Veterans Affairs

U.S. Sen. Roy Blunt (Rep. – Mo.) has called for Secretary of Veterans Affairs Robert McDonald to resign after making comments comparing long wait times for our veterans to receive care to waiting in a long line at an amusement park.

“Secretary McDonald’s preposterous statement is right out of Never Never Land,” Blunt said. “I call on him to resign because it’s clear he cannot prioritize getting our veterans the health care they deserve and have earned in a timely manner. Dismissing wait times when veterans can often wait months for an appointment is negligent and a clear sign that new leadership is needed at the VA.”

MCDONALD

ROBERT MCDONALD

Yesterday, McDonald suggested that Disney does not measure how many hours customers wait in line and that the Veterans Administration should move away from wait times as a primary metric “The days to an appointment is really not what we should be measuring,” he said.
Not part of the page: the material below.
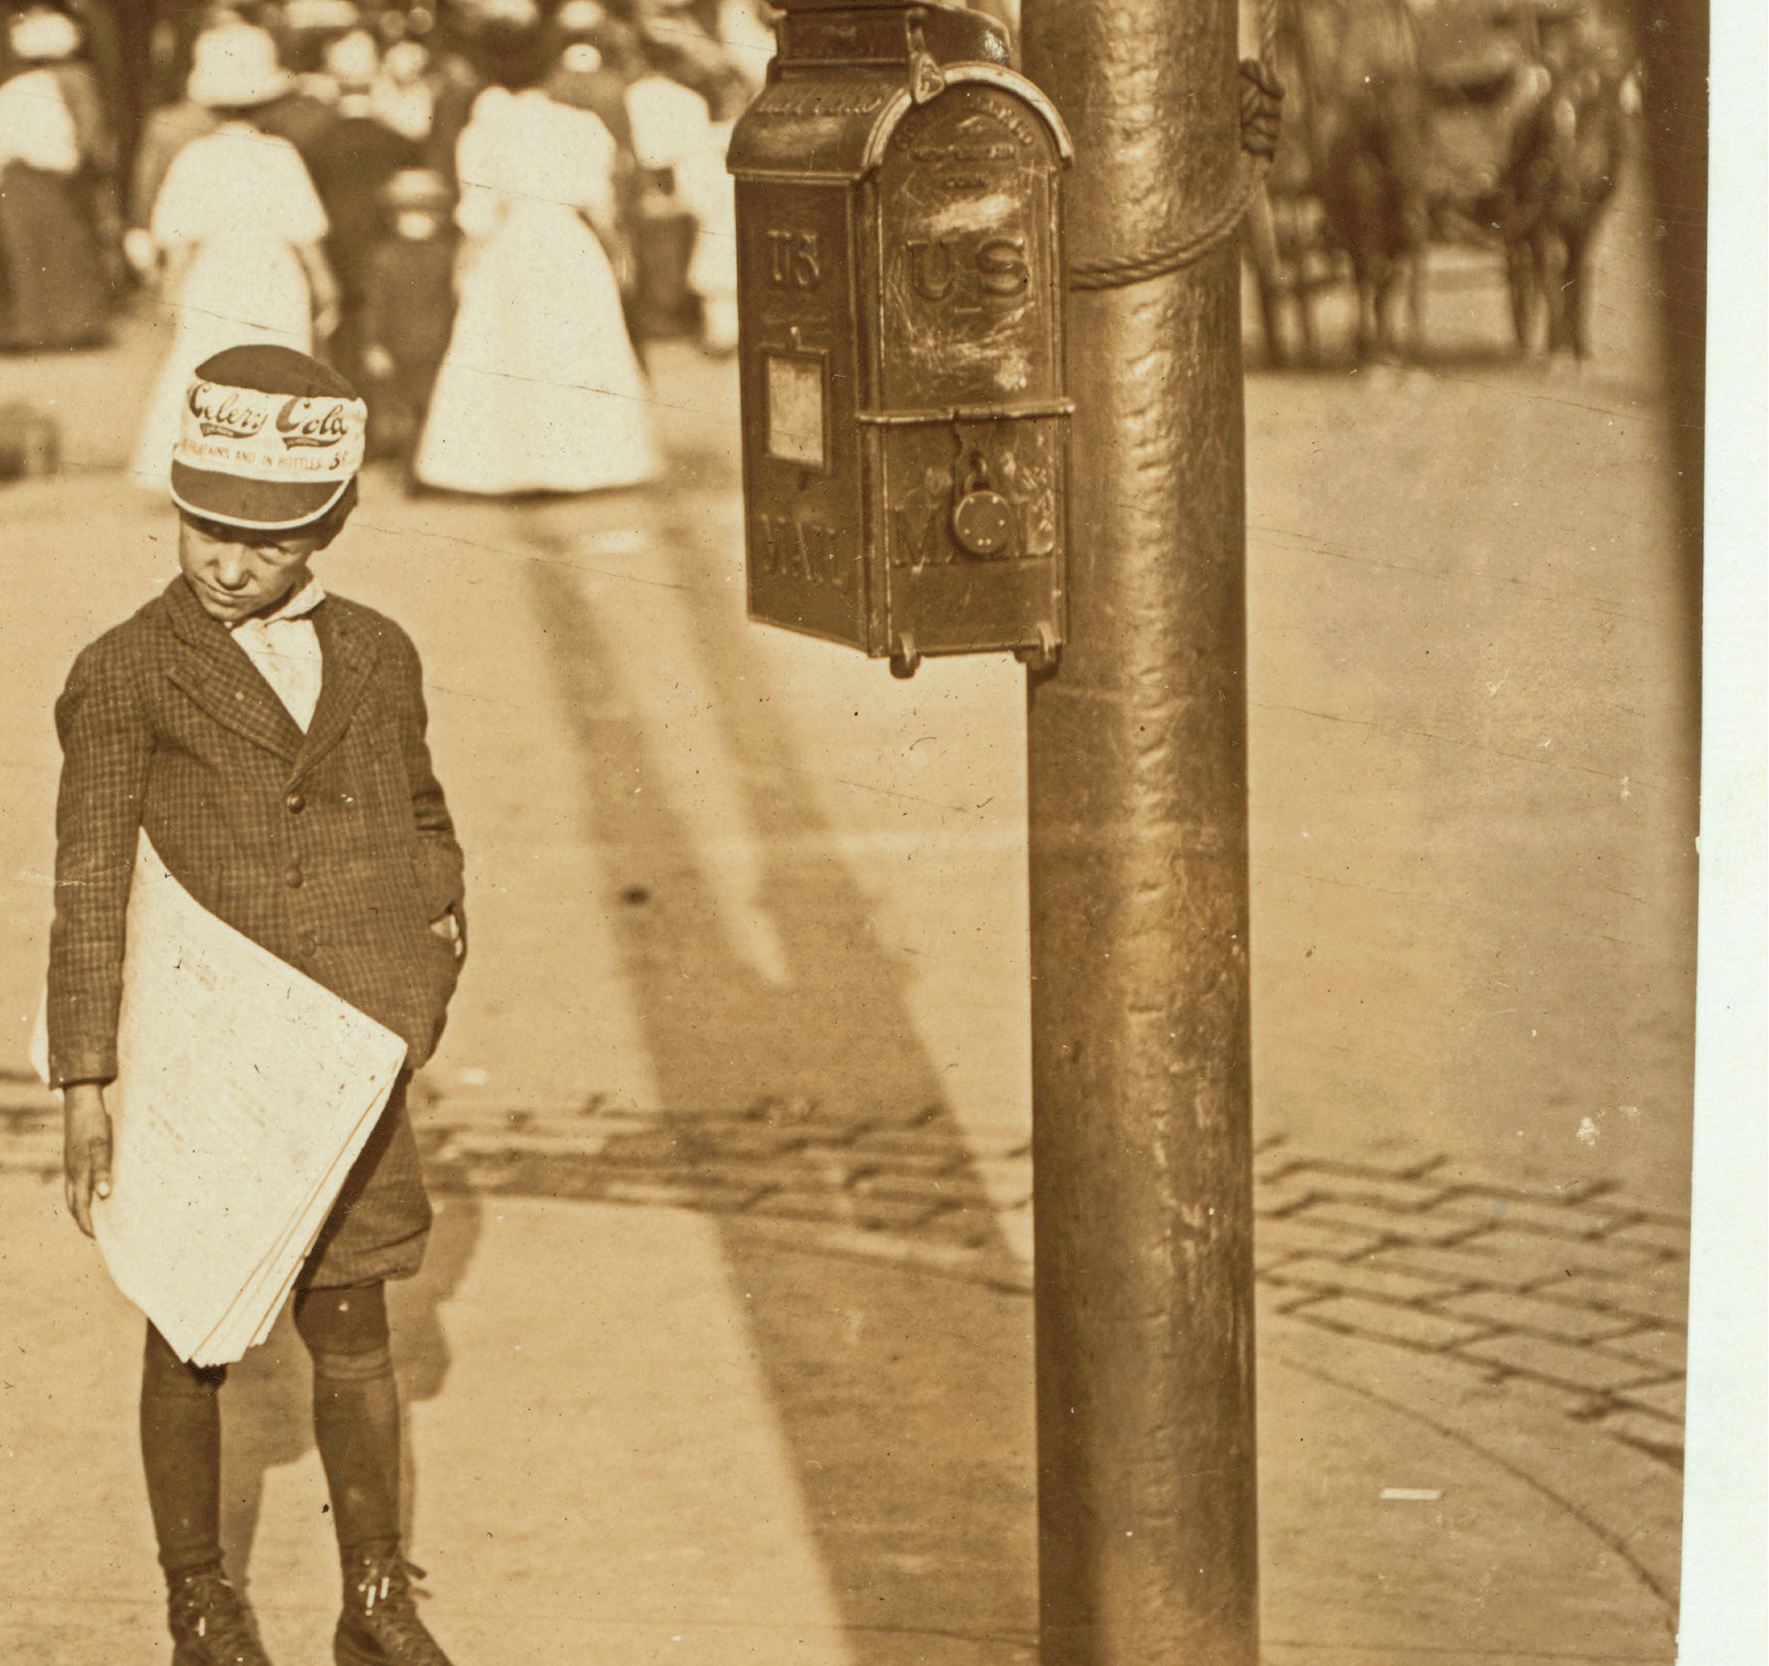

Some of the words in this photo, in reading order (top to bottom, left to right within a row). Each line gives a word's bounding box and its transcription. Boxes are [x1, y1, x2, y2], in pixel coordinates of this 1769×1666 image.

[187, 381, 269, 436] Celery
[276, 396, 348, 443] Cola
[235, 449, 256, 464] AND
[262, 454, 273, 467] IN
“This is yet another misstep of many with respect to the treatment and care for our veterans,” Blunt said. “At the VA hospital in St. Louis, they’ve had eight different interim directors since 2013 and a recent assessment of the facility found 45 deficiencies in service that needed to be addressed. These concerns are all too common in VA facilities across the country and it’s time for a change.”

Last May, Blunt and Missouri Sen. Claire McCaskill wrote a letter to the Acting Medical Center Director at the St. Louis VA to express concerns regarding the recent findings in the VA watchdog’s Combined Assessment Program report and demanded immediate steps be taken to stabilize leadership and improve veterans’ care. The CAP report contained 45 specific recommendations to correct deficiencies in areas such as quality management, environment of care, and medication management. The report indicated that the St. Louis VA ranks in the bottom quintile nationally in a number of important areas, and overall performance in some areas has declined from the previous CAP review. The St. Louis VA provides mental and physical health care services to almost 46,000 veterans each year.

blunt

ROY BLUNT

Congress took some important steps to address the problems at the VA in the Veterans Access, Choice, and Accountability Act, which Blunt cosponsored and was signed into law in 2014, but more must be done. That measure created the Veterans Choice Program, which allows veterans to seek care outside of the VA if they are unable to secure an appointment within 30 days, or they live more than 40 miles from a VA facility. Blunt recently cosponsored the Veterans Choice Improvement Act, which would make the Choice program permanent and address some of the bureaucratic hurdles that continue hampering veterans’ access to care.

Blunt has also cosponsored the Veterans Access to Community Care Act. The measure would amend the 40-mile rule to include circumstances where the local VA facility is not able to meet the needs of the veteran. Under this bill, if the veteran lives within 40 miles of a VA facility, but that facility does not provide the care the veteran needs, then he or she is eligible for the Choice program.

In 2014, Blunt successfully included language from the Caring for America’s Heroes Act in the National Defense Authorization Act to help bring mental health treatment for the nation’s veterans and military dependents in line with the way physical injuries are treated under TRICARE. Blunt cosponsored the Clay Hunt Suicide Prevention for American Veterans Act, which was signed into law last year, to improve mental health and suicide prevention resources for the nation’s service members and veterans.

Blunt previously cosponsored the Mental-health Exposure Military Official Record Act to help service members and veterans better track potential exposures during military service that could later be connected to mental health and traumatic brain injuries.